"Yes, by boat," he said, adding hopefully, "but lots of people like the express trains better. They—they don't keep you so long on the way."
"Oh, I hate trains," said she cheerfully.
Three weeks ... Ruefully he surveyed the desolation. "I ought to be gone by then," he muttered.
A trifle startled, the girl looked up at him. As he was not looking at her, but staring moodily into what was then black vacancy, her look lingered and deepened. She saw a most bronzed and hardy looking young man, tall and broad-shouldered, with gray eyes, wide apart under straight black brows, and black hair brushed straight back from a wide forehead. She saw a rugged nose, a likeable mouth, and an abrupt and aggressive chin, saved somehow from grimness by a deep cleft in the blunt end of it.... She thought he was a very stirring looking young man. Undoubtedly he was a very sudden young man—if he meant one bit of what he intimated.
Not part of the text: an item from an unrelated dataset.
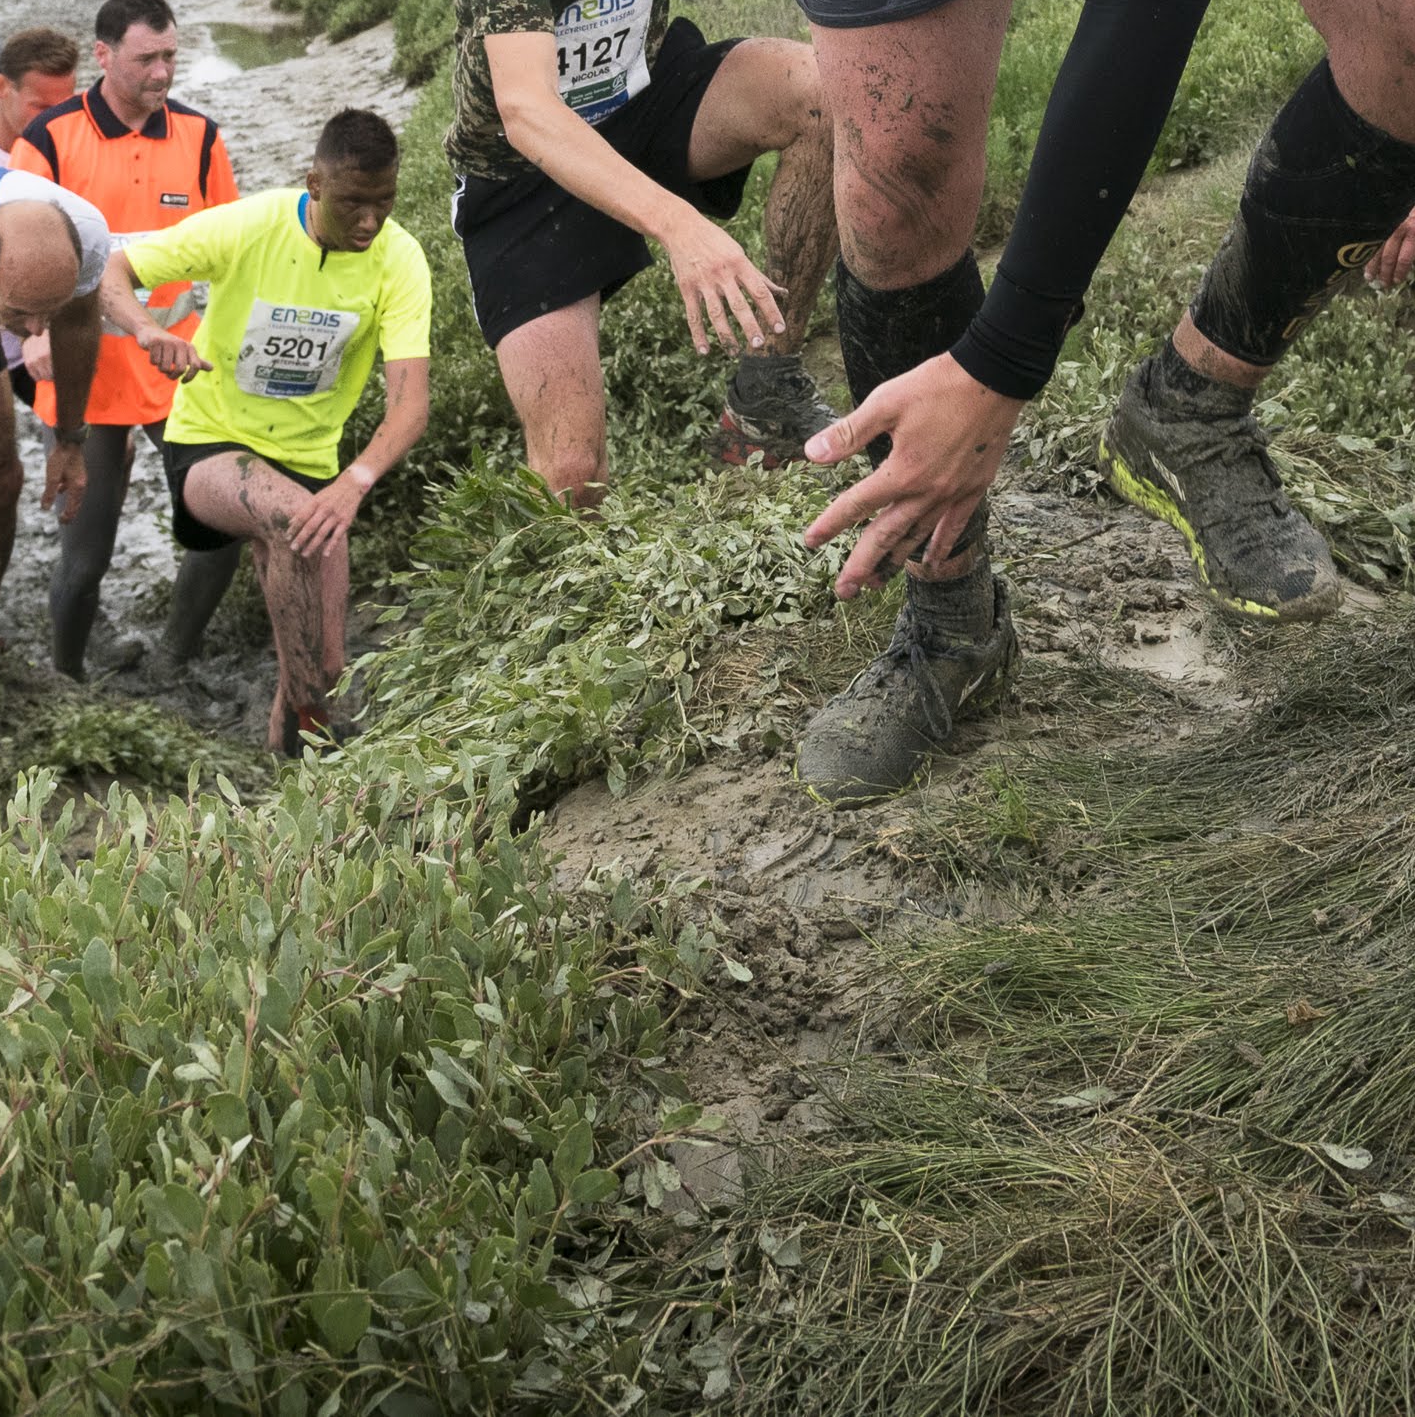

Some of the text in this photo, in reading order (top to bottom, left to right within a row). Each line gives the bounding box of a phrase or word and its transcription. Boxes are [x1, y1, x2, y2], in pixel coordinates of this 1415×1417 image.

Feminine-wise, she mocked.
"What a calamity!"
"Yes, for me," said Billy squarely. "You know it's—it's awfully jolly to meet a girl from home out here!"
"A girl from home——!"
"Well, all America seems home from this place. And I shouldn't be surprised if we knew a lot of the same people ... You can get a good line on me that way, you know," he laughed. "Now I went to Williams and then to Boston Tech., and there must be acquaintances——"
"Don't!" said Arlee, with a laughing gesture of prohibition. "We probably have thousands of the same acquaintances, and you would turn out to be some one I knew everything about—perhaps the first fiancé of my roommate whose letters I used to help her answer."